Magnetic force measurement

To clarify the magnitude of the magnetic attraction for improving airway geometry, the magnetic forces between the daughter and mother magnets were quantitatively assessed using an Electronic Universal Testing Machine (Fig. 3, UTM 6202; Shenzhen Suns Technology Stock Co., Ltd., Shenzhen, China). The mother parent magnet was positioned at the lower part of the setup, whereas the daughter magnet was placed directly above it. The distance between the two magnets was decreased progressively from 10 cm during the measurement process. Consequently, the daughter magnet was gradually lowered from a starting point 10 cm above the external parent magnet, and the magnetic forces were continuously measured during this descent. This method was applied uniformly across four daughter magnets of different sizes to determine the magnetic force relative to the distance. Only one run was conducted per magnetic force intervention, and the data was presented in Table 1. The data obtained from these measurements were used to plot four magnetic force-distance curves (Fig. 3).

Evaluation of UA improvement

UA improvement was evaluated based on changes in epiglottis collapse, hyoid bone position, and UA geometry.

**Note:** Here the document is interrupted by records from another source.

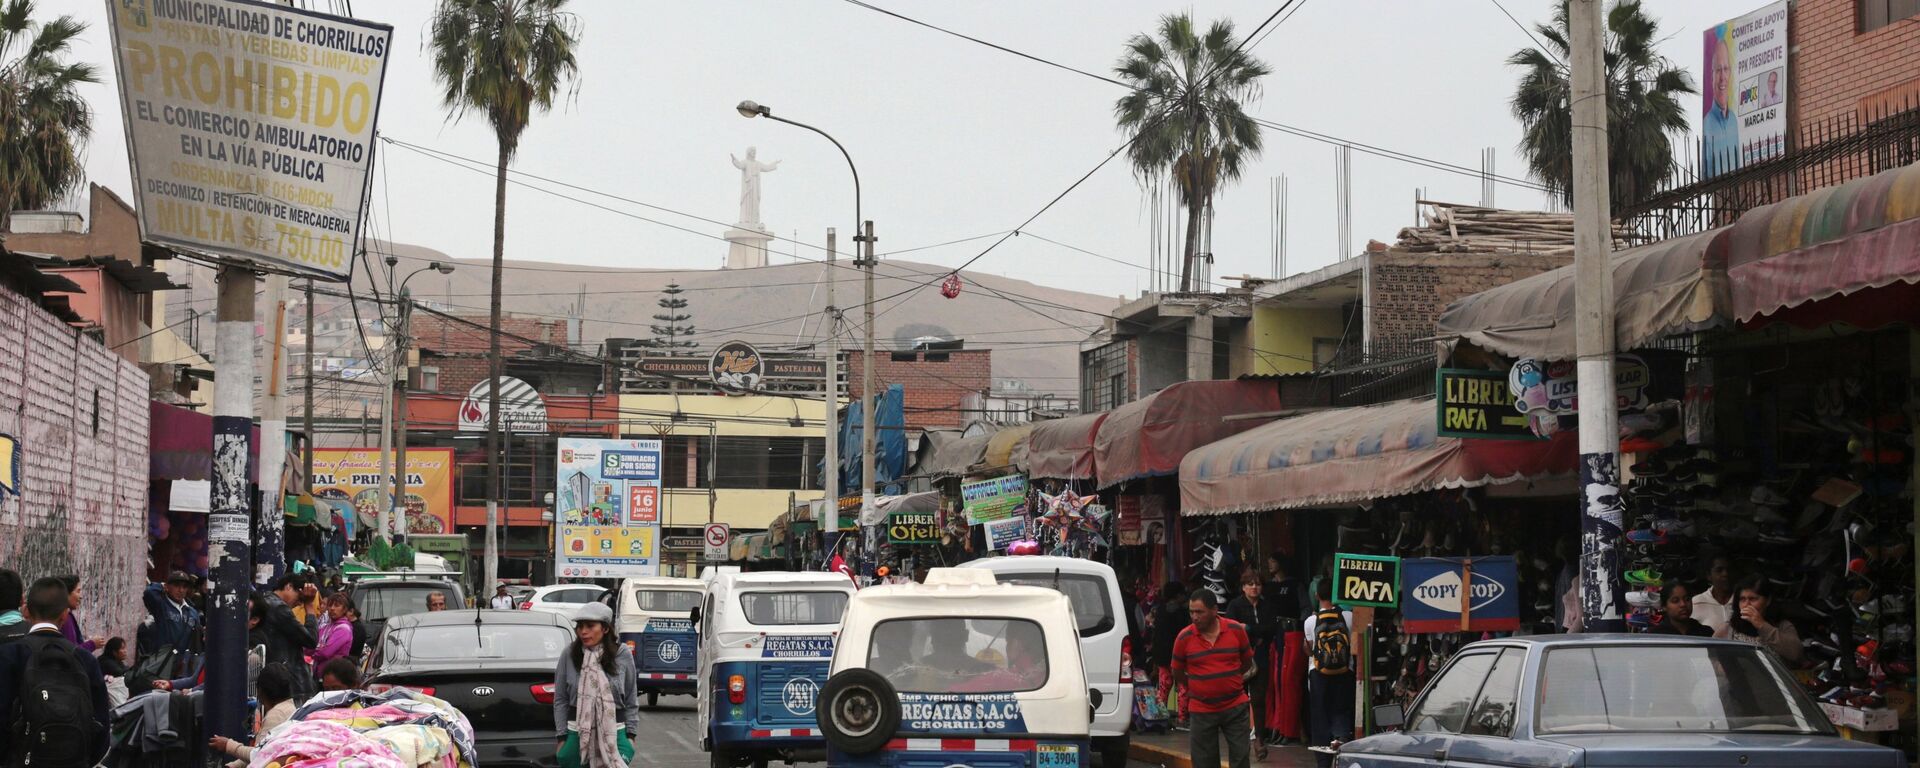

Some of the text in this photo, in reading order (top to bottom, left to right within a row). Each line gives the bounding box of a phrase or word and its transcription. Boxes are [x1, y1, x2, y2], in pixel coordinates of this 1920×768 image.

[154, 0, 384, 58] MUNICIPALIDAD DE CHORRILLOS
[1731, 10, 1785, 39] COMITE DE APOYO
[225, 31, 236, 49] Y
[242, 35, 308, 63] VEREDAS
[1738, 29, 1774, 52] CHORRILLOS
[1749, 45, 1783, 69] PRESIDENTE
[124, 39, 371, 135] PROHIBIDO
[1744, 111, 1764, 128] MARCA
[136, 100, 363, 163] EL COMERCIO AMBULATORIO
[180, 134, 324, 183] EN LA VÍA PÚBLICA
[171, 161, 250, 192] ORDENANZA
[272, 180, 334, 209] 016-MDCH
[148, 178, 205, 203] DECOMIZO
[213, 190, 271, 217] RETENCIÓN
[274, 200, 287, 219] DE
[289, 207, 350, 235] MERCADERIA
[156, 199, 235, 243] MULTA
[275, 223, 344, 268] 750.00
[643, 363, 707, 372] CHICHARRONES
[774, 365, 822, 373] PASTELERIA
[1445, 377, 1515, 405] LIBRER
[1446, 407, 1487, 430] RAFA
[633, 495, 654, 507] 16
[895, 515, 934, 525] LIBRER
[1340, 559, 1383, 572] LIBRERIA
[1345, 576, 1393, 601] RAFA
[1418, 583, 1498, 598] TOPY TOP
[661, 643, 678, 659] 456
[767, 640, 806, 650] REGATAS
[899, 694, 1017, 702] EMP. VEHIC. MENORES
[902, 703, 972, 720] REGATAS
[911, 721, 1006, 729] CHORRILLOS
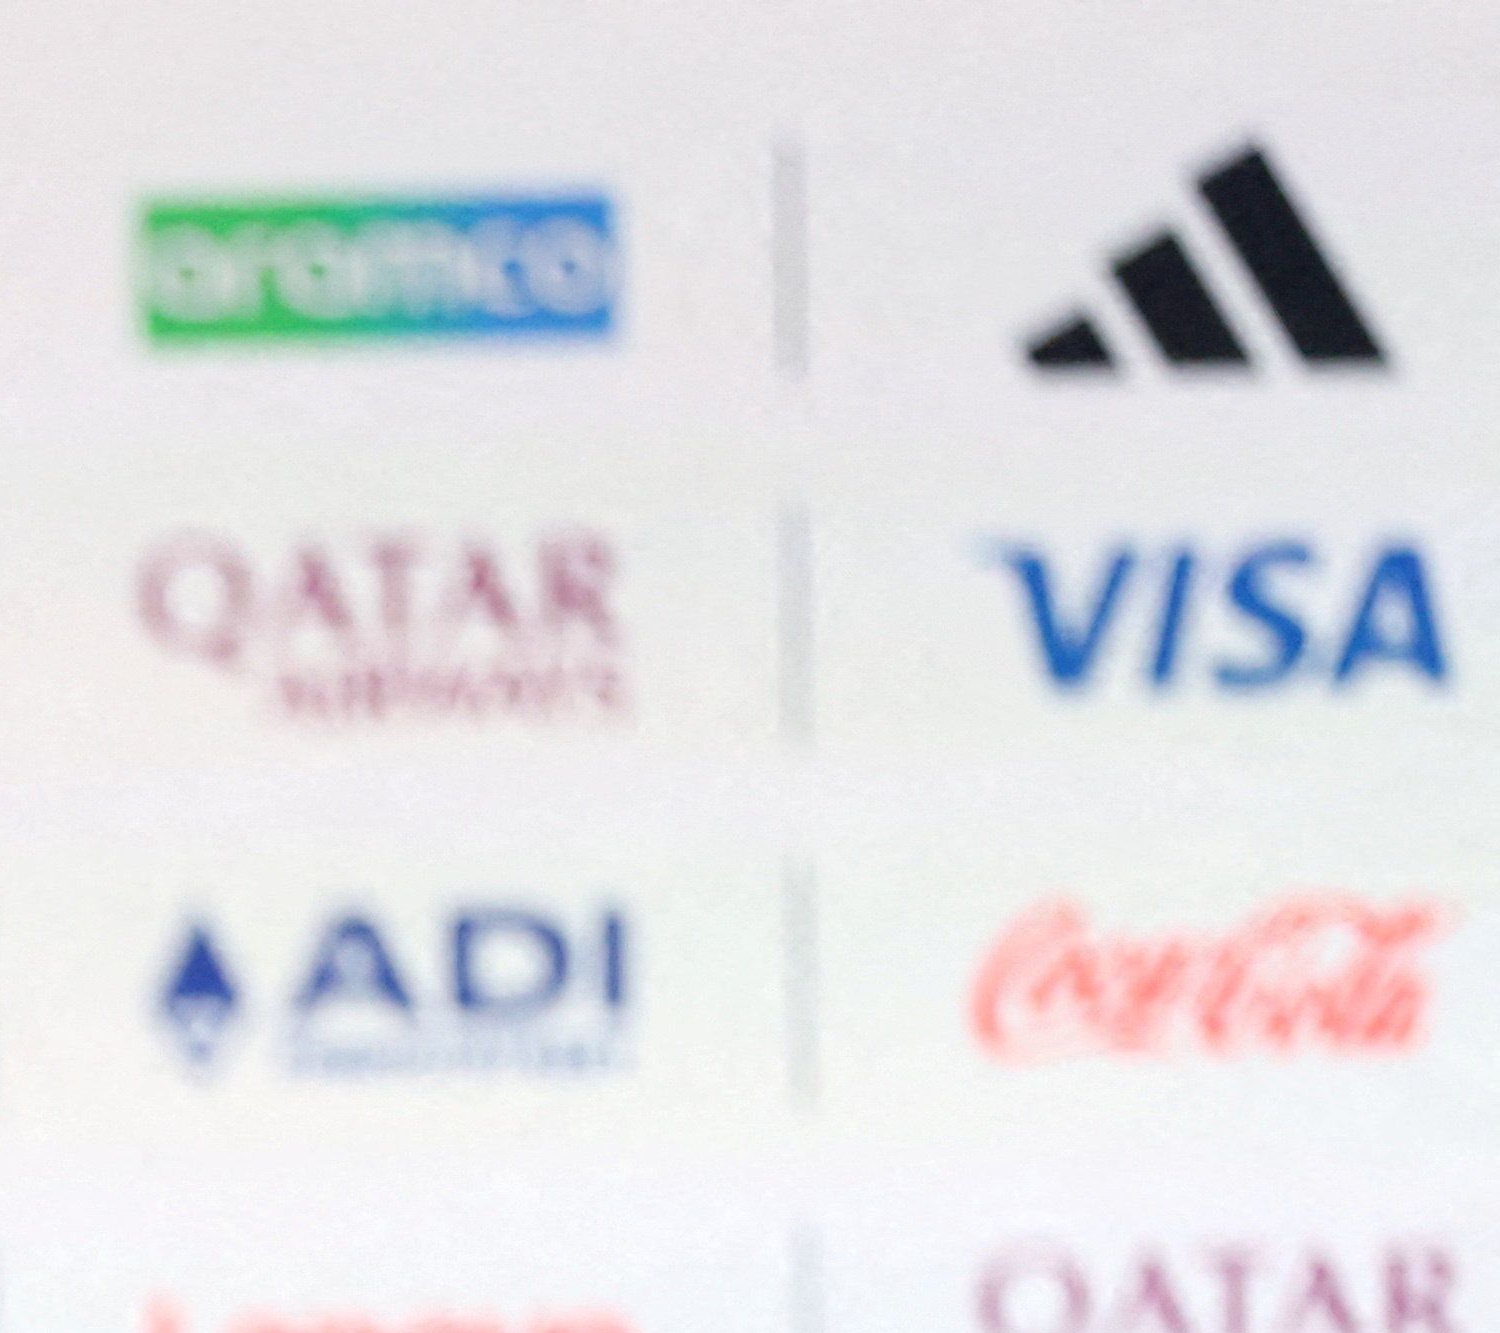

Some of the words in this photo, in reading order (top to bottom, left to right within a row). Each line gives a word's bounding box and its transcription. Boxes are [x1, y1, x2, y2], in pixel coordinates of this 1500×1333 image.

[142, 224, 616, 326] aramco
[138, 534, 619, 668] QATAR
[994, 540, 1450, 692] VISA
[293, 907, 630, 1020] ADI

Epiglottis collapse was evaluated by direct laryngeal inspection, and the hyoid bone position and UA geometry were determined by radiography in all canines. Changes in UA geometry was evaluated by the distance changes between the anterior and posterior walls of the airway in the same vertebral plane. Changes in the distance between the hyoid bone and the cervical vertebrae were also measured.

Postoperative treatment

Following the surgical intervention, the internal magnet was aseptically explanted through the original incision. A comprehensive intraoperative assessment was performed to evaluate potential iatrogenic trauma, including hyoid bone integrity and peri-hyoid musculature status. The incision was meticulously closed in layers using interrupted 2 − 0 non-absorbable silk sutures (Ethicon®, Somerville, NJ, USA). Postoperative analgesia was maintained via intraperitoneal administration of buprenorphine hydrochloride (0.05 mg/kg body weight) at 12-hour intervals for 72 h, following established veterinary pain management protocols.

Statistical analysis

Quantitative data were expressed as mean ± standard deviation. Differences were assessed using a two-sample paired t-test and were considered statistically significant at P < 0.05. All statistical analyses were performed using IBM SPSS Statistics version 29.0 (IBM, Chicago, IL, USA).